Task objective: Each record below is to be copied word for word, with pictures removed.

---

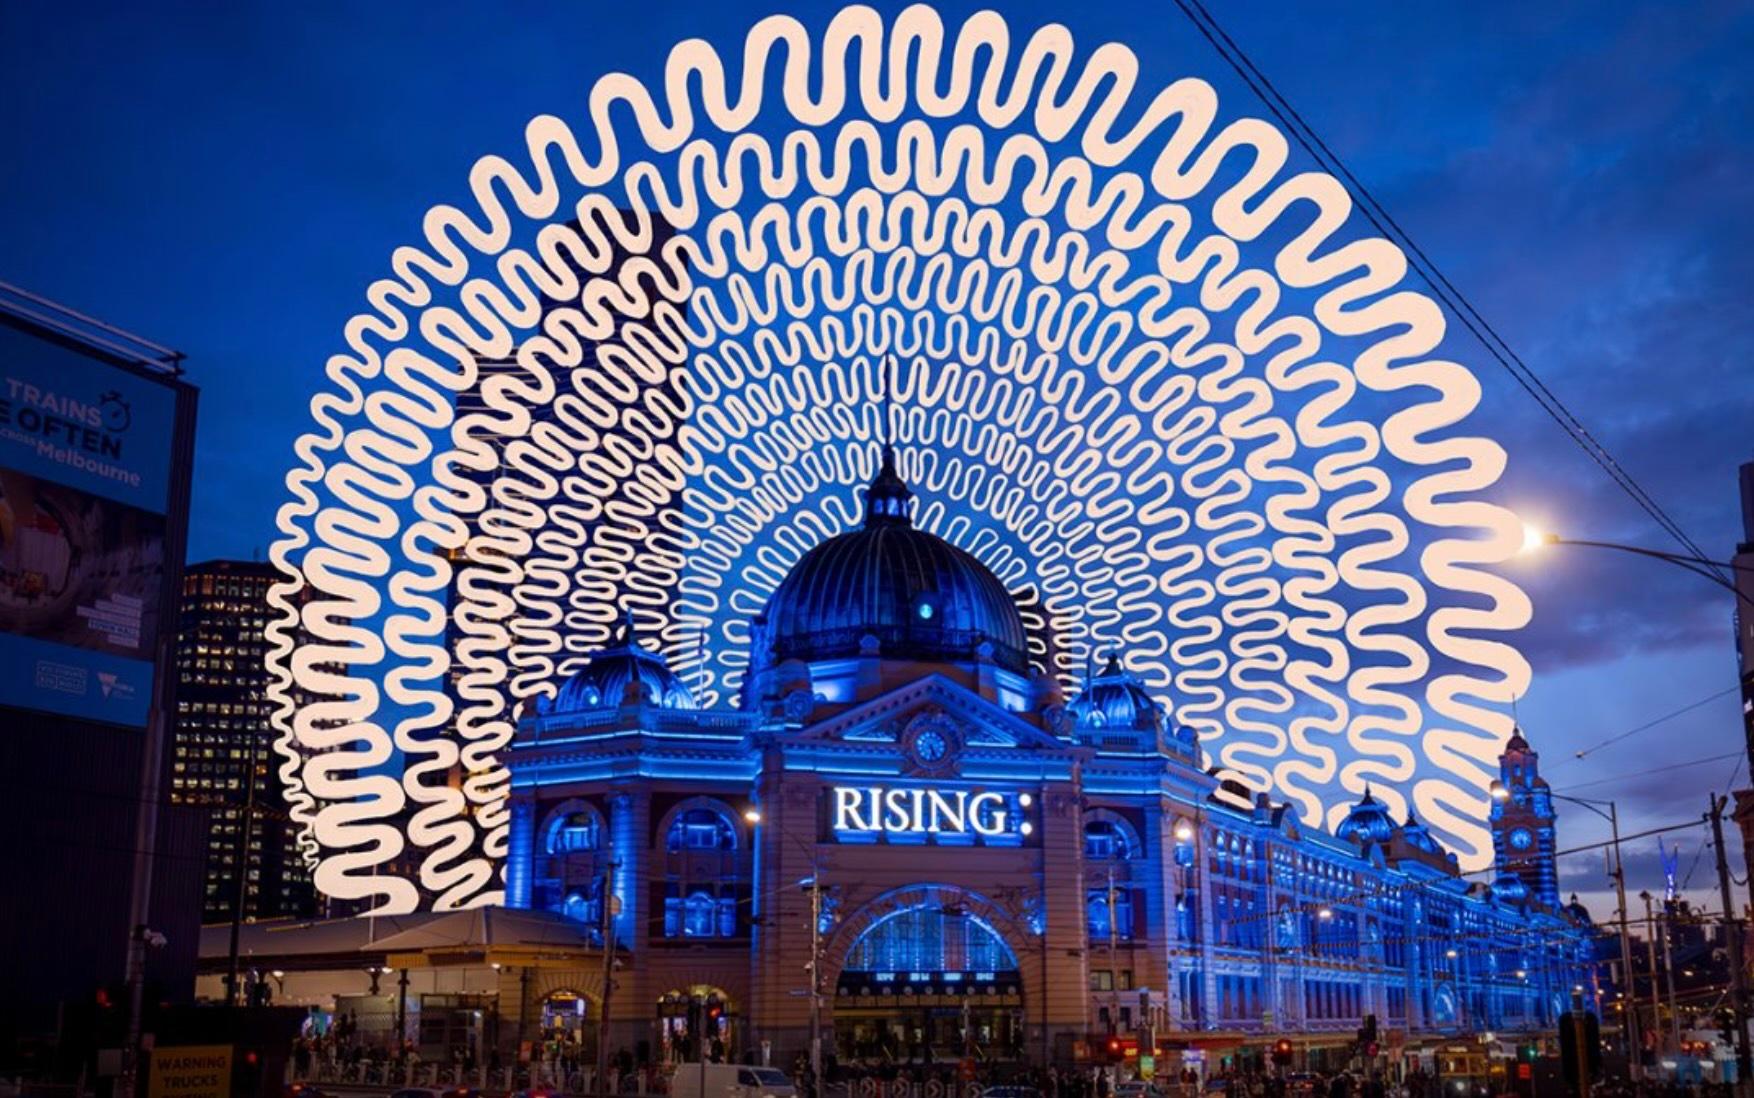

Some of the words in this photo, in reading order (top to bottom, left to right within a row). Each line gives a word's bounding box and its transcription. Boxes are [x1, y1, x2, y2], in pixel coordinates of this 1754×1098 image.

[6, 377, 102, 428] TRAINS
[17, 407, 122, 460] OFTEN
[36, 440, 141, 487] Melbourne
[158, 1056, 226, 1071] WARNING
[163, 1074, 218, 1089] TRUCKS
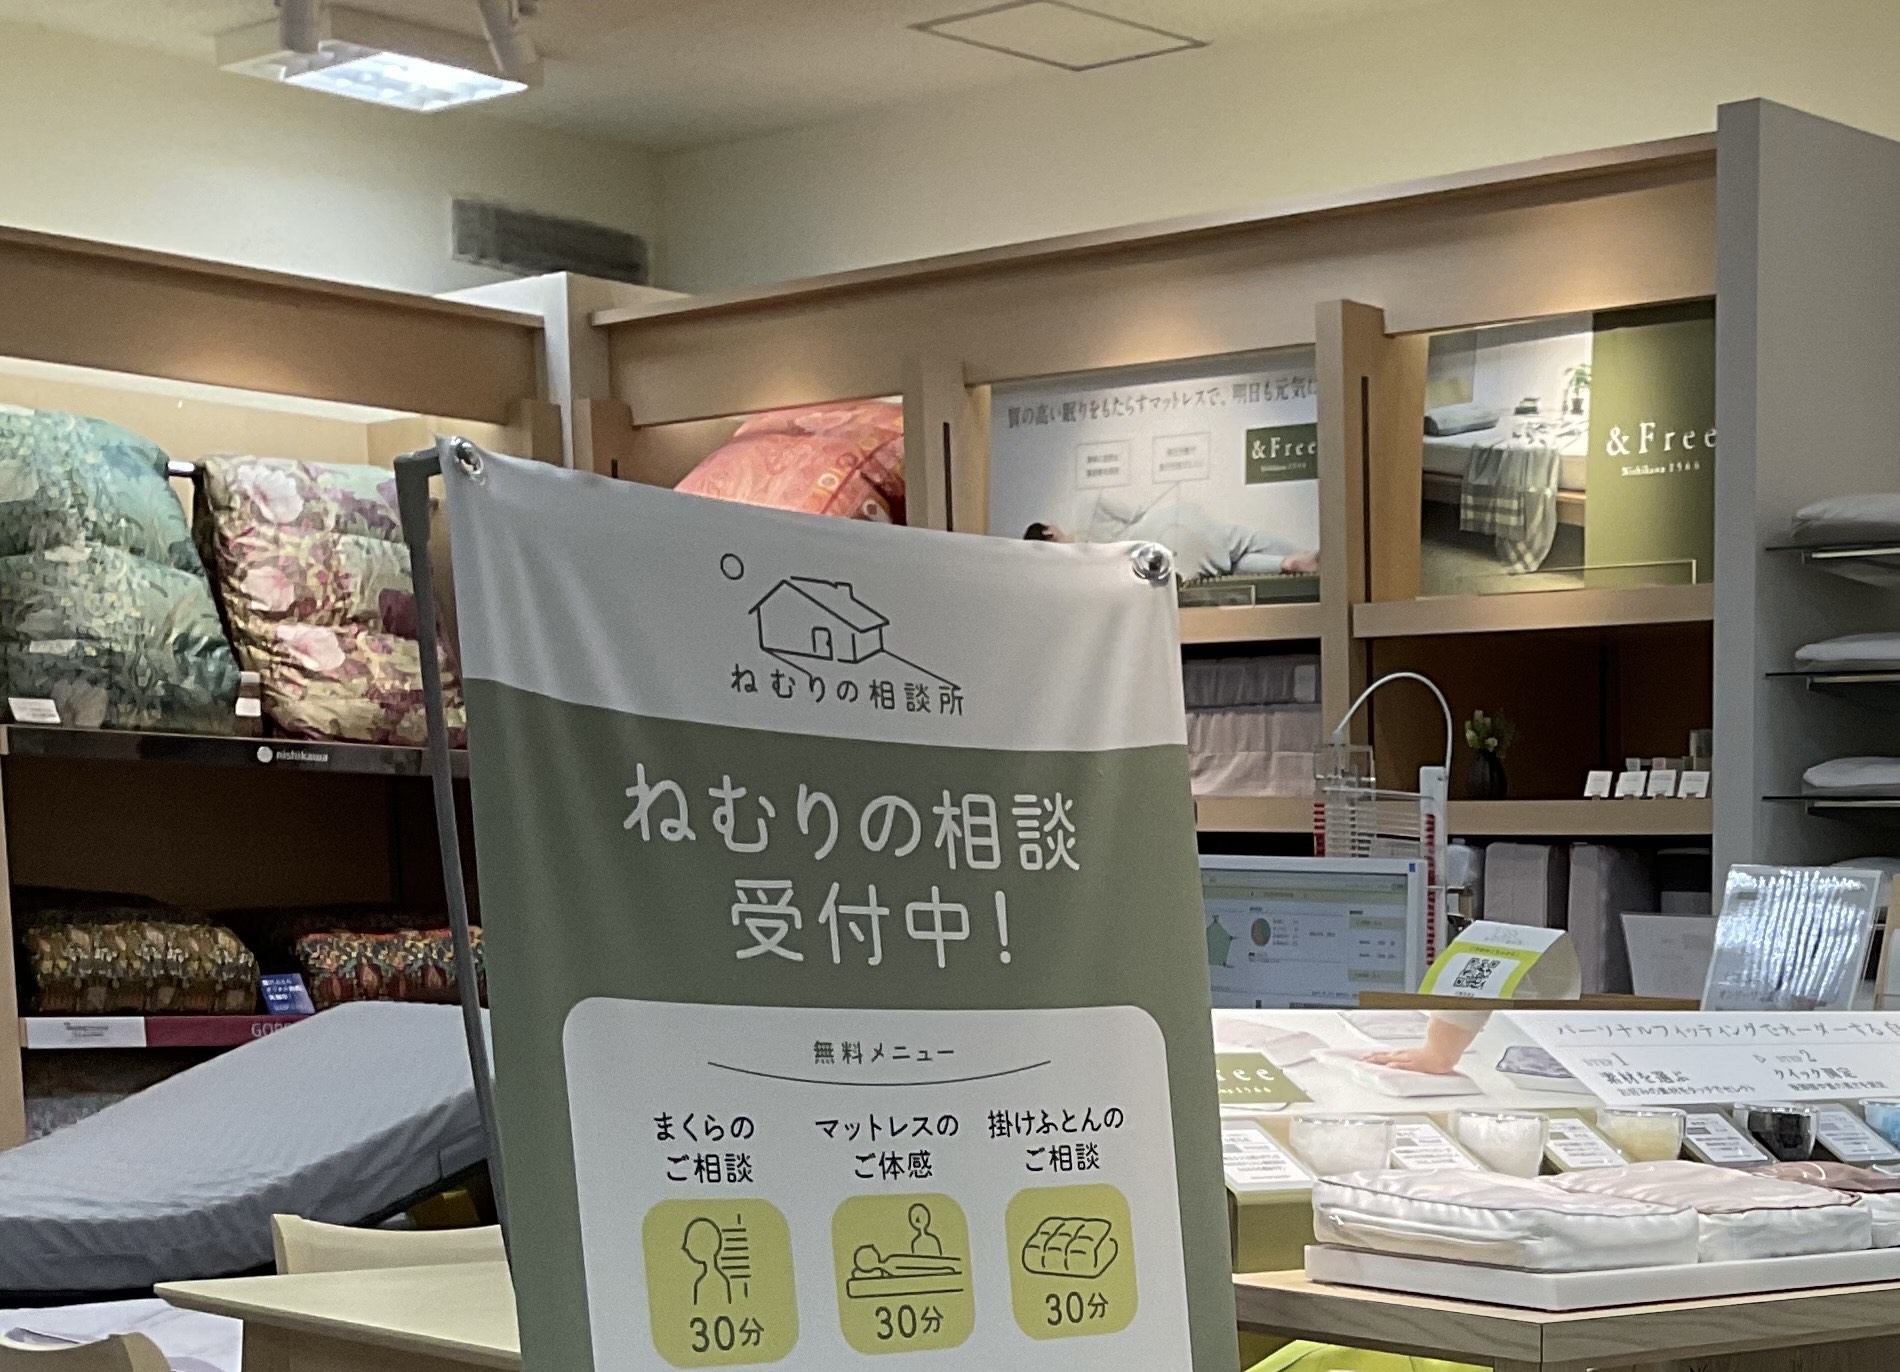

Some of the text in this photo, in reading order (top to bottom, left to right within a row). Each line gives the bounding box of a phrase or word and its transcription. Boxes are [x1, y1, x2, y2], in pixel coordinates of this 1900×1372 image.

---

Solution to the exercise:
Some of the words in this photo, in reading order (top to bottom, left to right within a row). Each line gives a word's bounding box and its transcription. Boxes are [x1, y1, x2, y2], in pixel coordinates of this 1754×1098 image.

[6, 377, 102, 428] TRAINS
[17, 407, 122, 460] OFTEN
[36, 440, 141, 487] Melbourne
[158, 1056, 226, 1071] WARNING
[163, 1074, 218, 1089] TRUCKS

Some of the text in this photo, in reading order (top to bottom, left to right within a row). Each line gives the bounding box of a phrase or word and its transcription. Boxes are [x1, y1, x2, y2], in pixel coordinates of this 1900×1372 image.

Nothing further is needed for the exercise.